===== Data excerpts =====

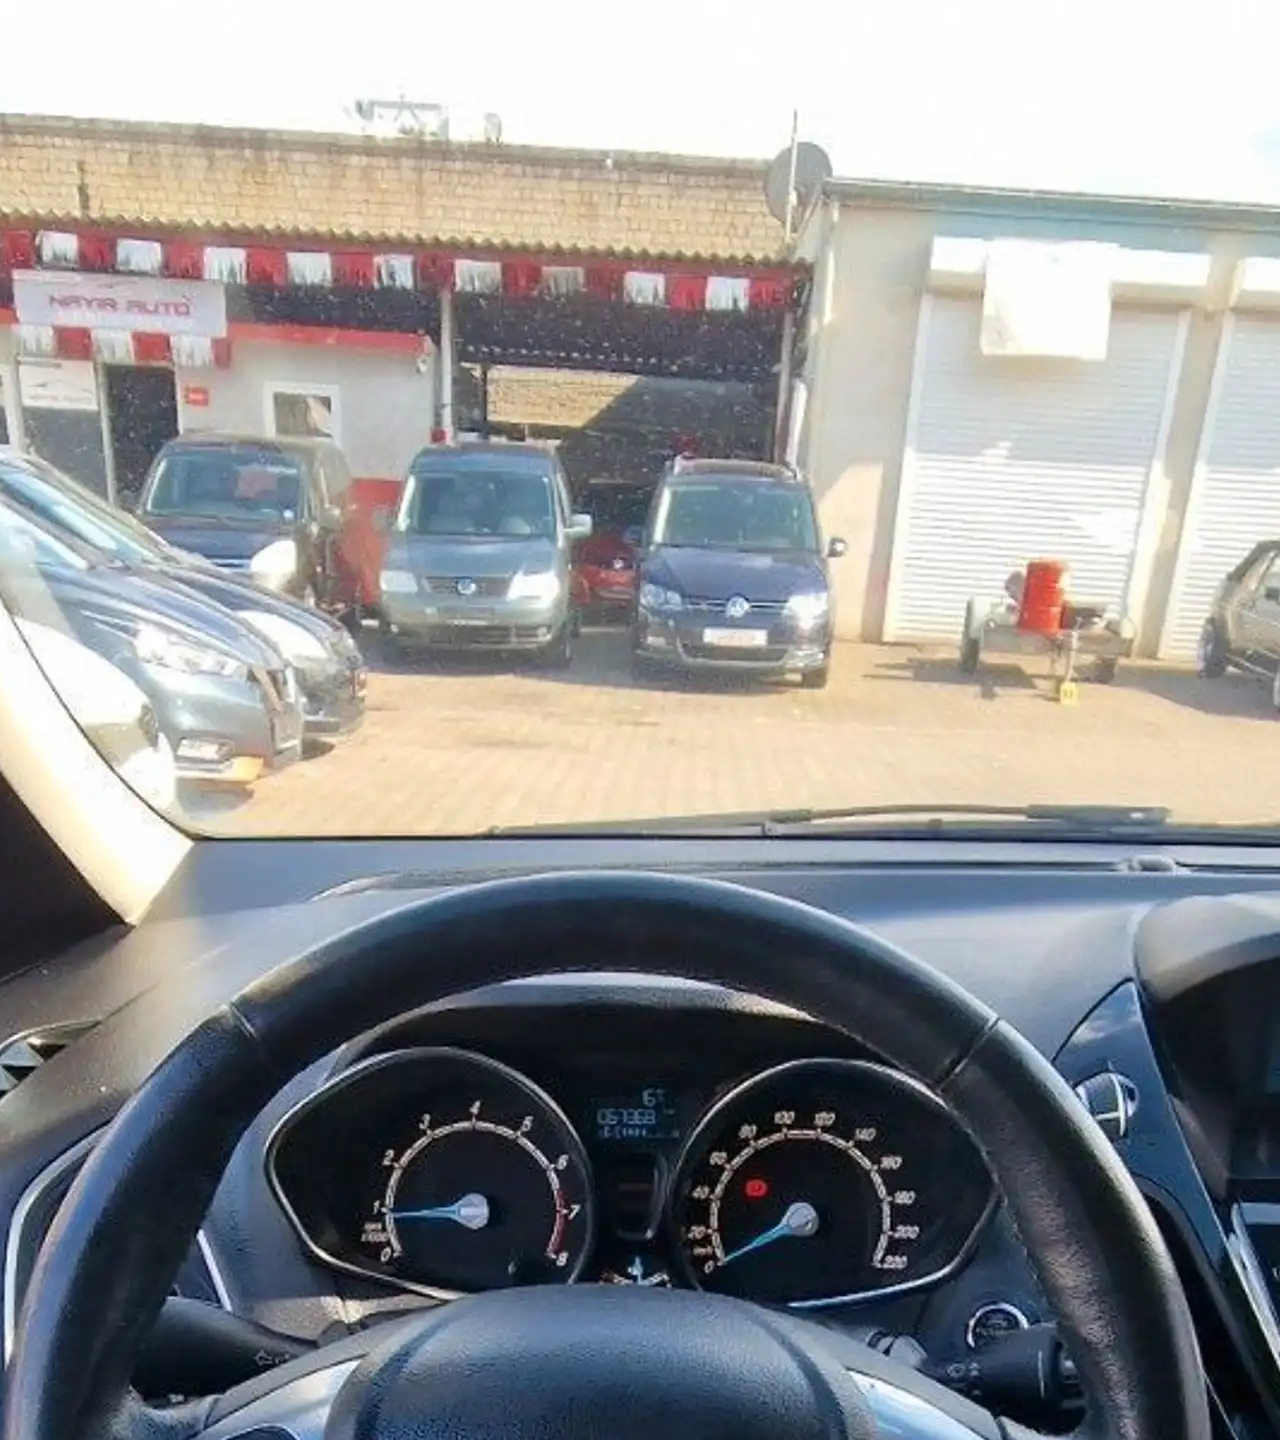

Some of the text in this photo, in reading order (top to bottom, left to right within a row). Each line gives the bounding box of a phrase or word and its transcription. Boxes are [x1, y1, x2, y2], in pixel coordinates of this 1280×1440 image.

[126, 299, 190, 316] AUTO
[470, 1100, 481, 1115] 4
[419, 1114, 430, 1129] 3
[522, 1116, 534, 1132] 5
[774, 1111, 795, 1125] 100
[815, 1111, 836, 1126] 120
[738, 1124, 758, 1139] 80
[854, 1128, 877, 1142] 140
[382, 1150, 394, 1165] 2
[556, 1154, 569, 1170] 6
[693, 1186, 710, 1199] 40
[373, 1201, 381, 1214] 1
[568, 1204, 580, 1220] 7
[688, 1225, 706, 1239] 20
[895, 1225, 920, 1239] 200
[381, 1247, 392, 1262] 0
[556, 1252, 568, 1266] 8
[704, 1262, 714, 1274] 0
[883, 1256, 908, 1269] 220
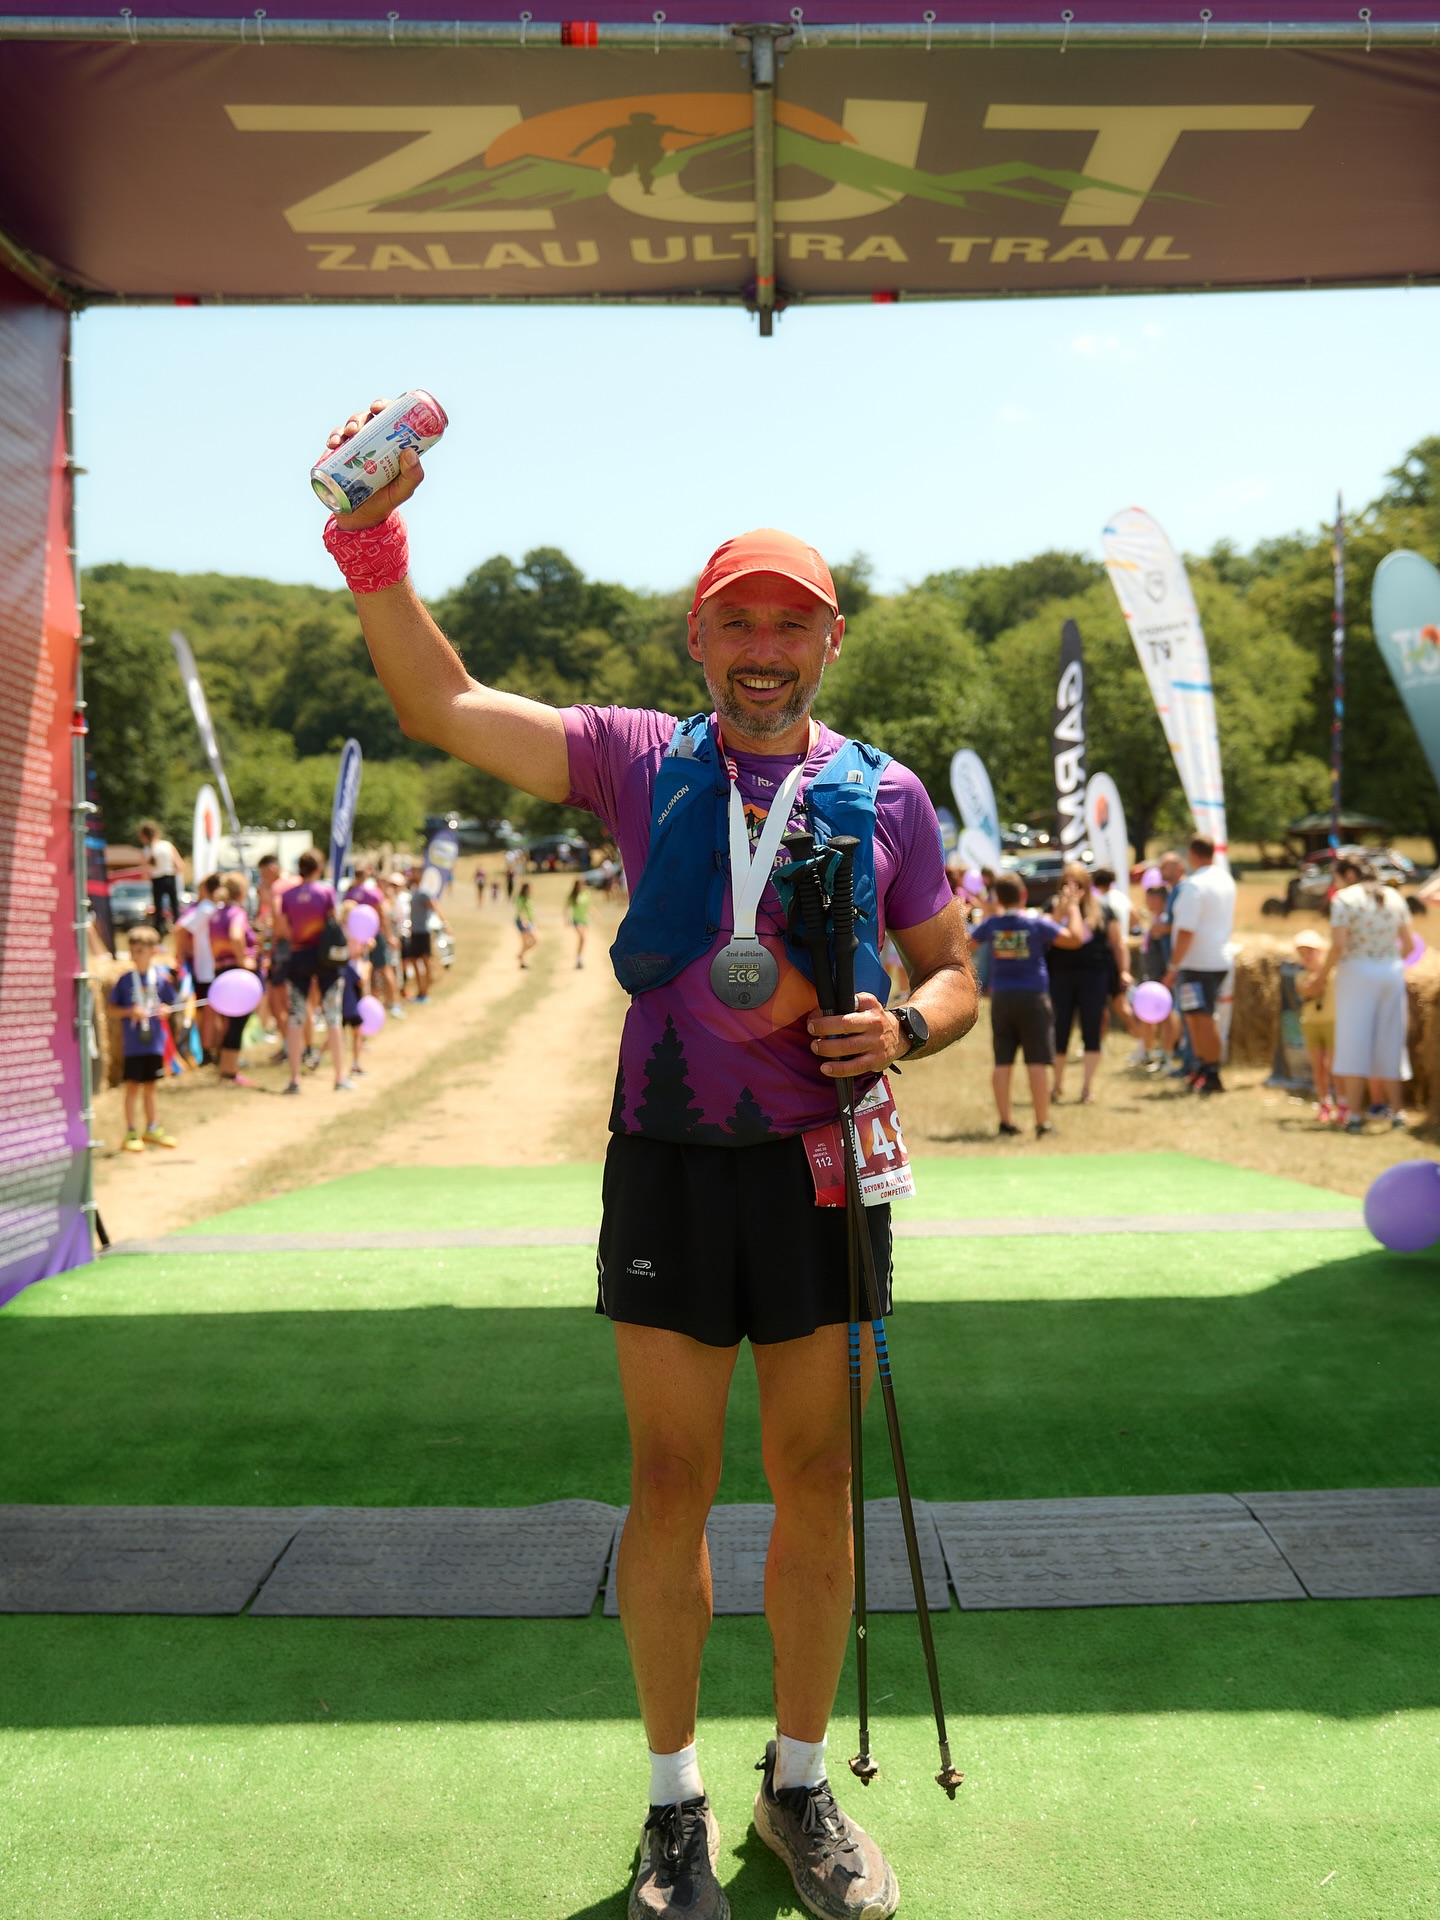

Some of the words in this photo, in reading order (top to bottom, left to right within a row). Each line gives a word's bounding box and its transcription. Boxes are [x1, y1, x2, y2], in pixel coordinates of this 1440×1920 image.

[307, 240, 600, 271] ZALAU
[937, 235, 1191, 263] TRAIL
[657, 784, 690, 826] SALOMON
[725, 950, 739, 958] 2nd
[740, 950, 764, 958] edition
[728, 969, 760, 983] EGO
[816, 1156, 833, 1168] 112
[863, 1181, 885, 1194] BEYOND
[885, 1180, 890, 1188] A
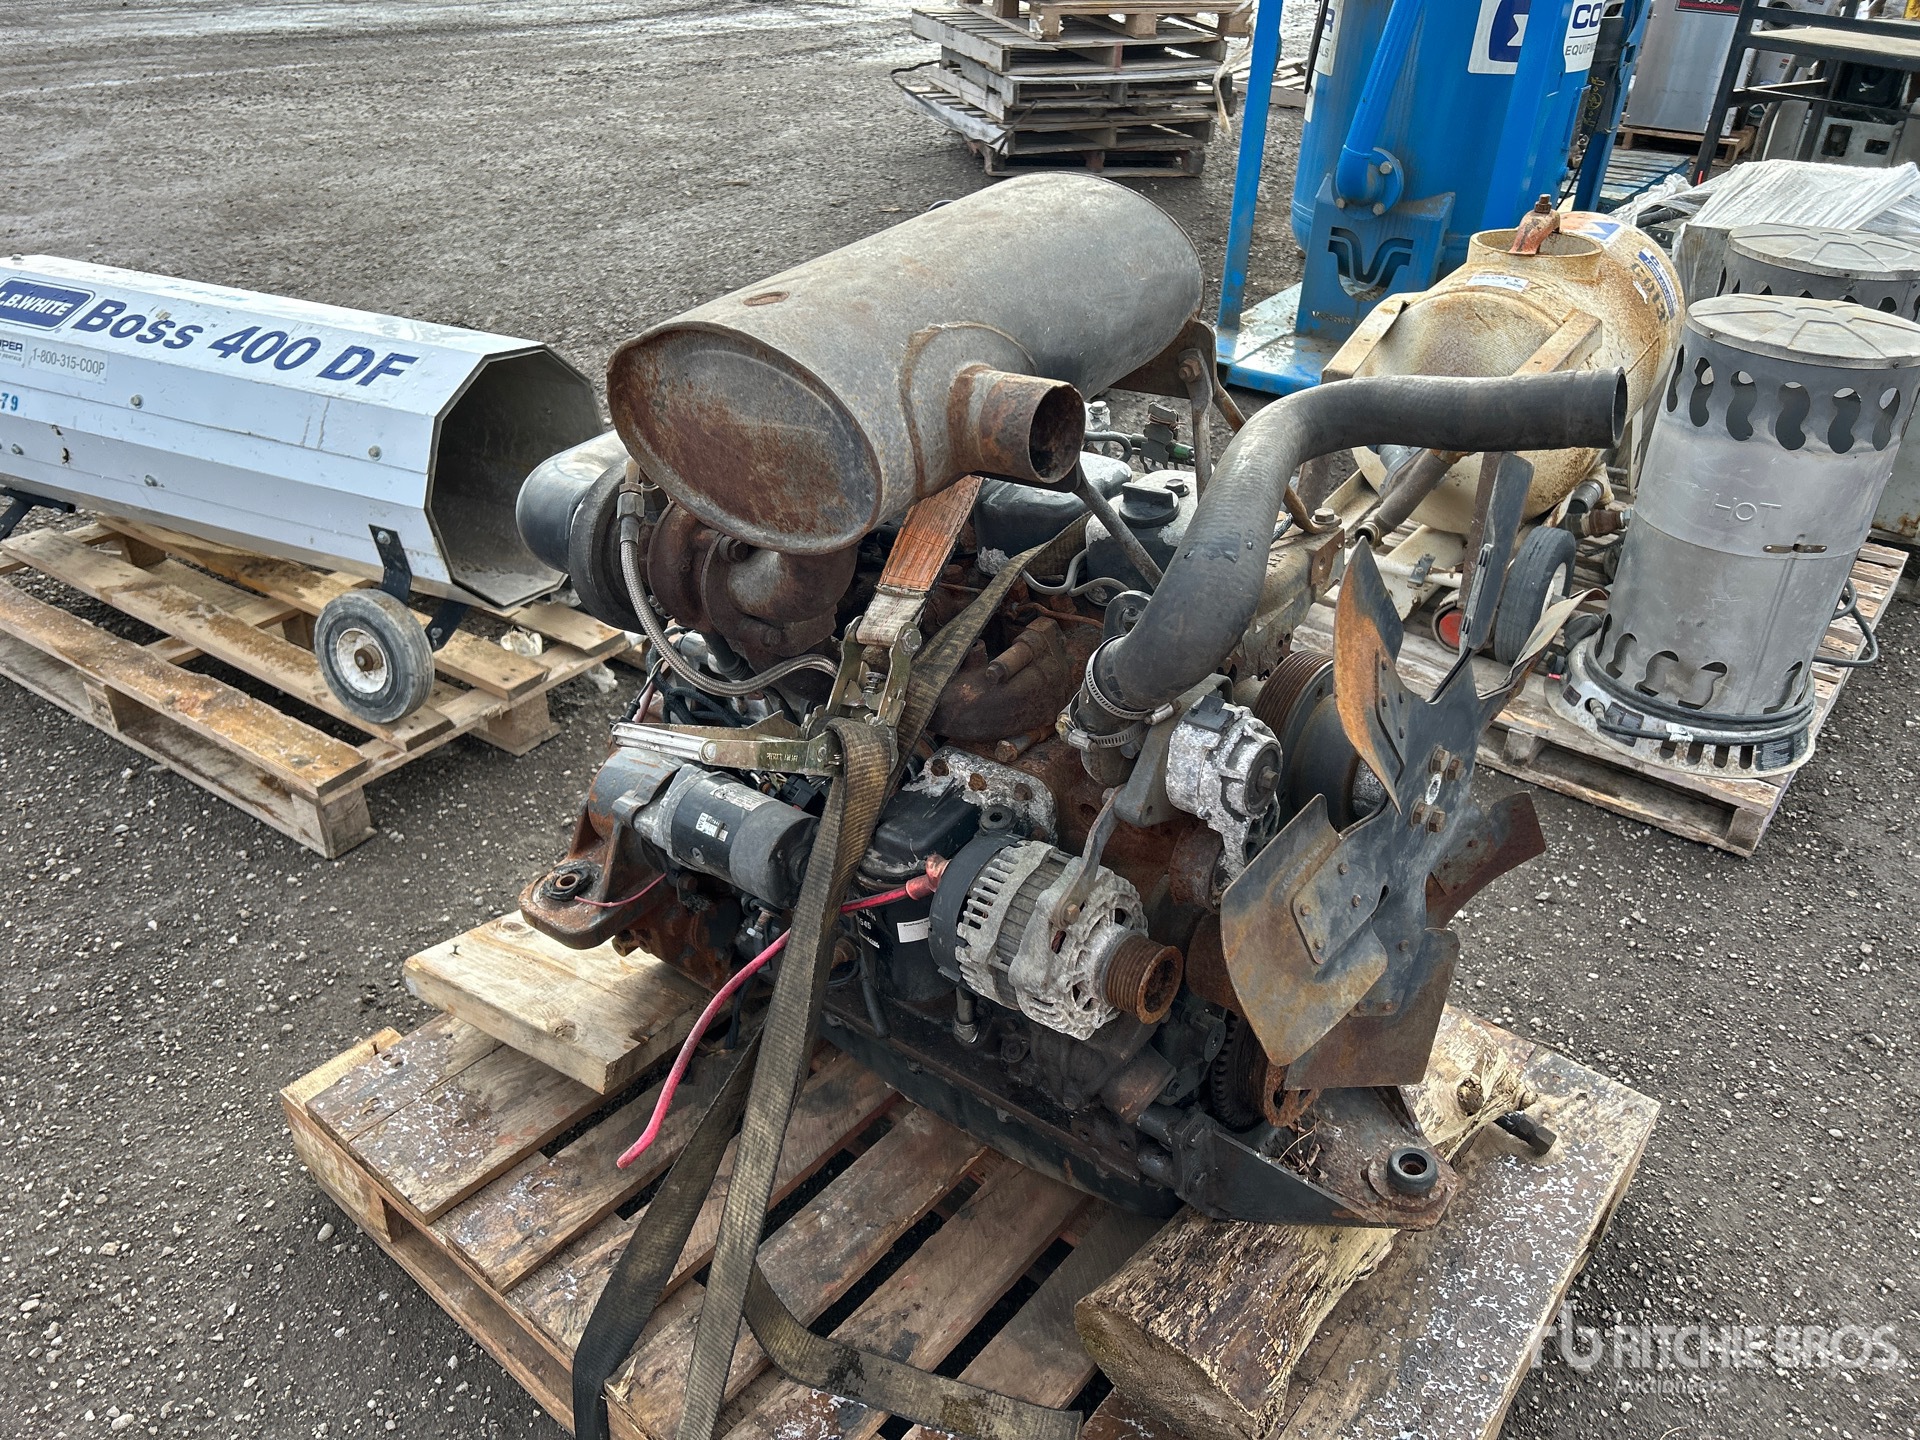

=====

Problem statement:
Make an exact copy of the records, pictures excluded.

Exercise answer:
Some of the text in this photo, in reading order (top to bottom, left to right within a row). Each line gives the bounding box of a phrase or word and its transcription. Boxes are [x1, y1, x2, y2], in pixel coordinates of this 1280×1440 image.

[126, 299, 190, 316] AUTO
[470, 1100, 481, 1115] 4
[419, 1114, 430, 1129] 3
[522, 1116, 534, 1132] 5
[774, 1111, 795, 1125] 100
[815, 1111, 836, 1126] 120
[738, 1124, 758, 1139] 80
[854, 1128, 877, 1142] 140
[382, 1150, 394, 1165] 2
[556, 1154, 569, 1170] 6
[693, 1186, 710, 1199] 40
[373, 1201, 381, 1214] 1
[568, 1204, 580, 1220] 7
[688, 1225, 706, 1239] 20
[895, 1225, 920, 1239] 200
[381, 1247, 392, 1262] 0
[556, 1252, 568, 1266] 8
[704, 1262, 714, 1274] 0
[883, 1256, 908, 1269] 220

Some of the words in this photo, in reading order (top to bottom, left to right within a row). Each line gives a word's bounding box and its transcription. Boxes are [x1, y1, x2, y2], in pixel coordinates of this 1440×1920 image.

[307, 240, 600, 271] ZALAU
[937, 235, 1191, 263] TRAIL
[657, 784, 690, 826] SALOMON
[725, 950, 739, 958] 2nd
[740, 950, 764, 958] edition
[728, 969, 760, 983] EGO
[816, 1156, 833, 1168] 112
[863, 1181, 885, 1194] BEYOND
[885, 1180, 890, 1188] A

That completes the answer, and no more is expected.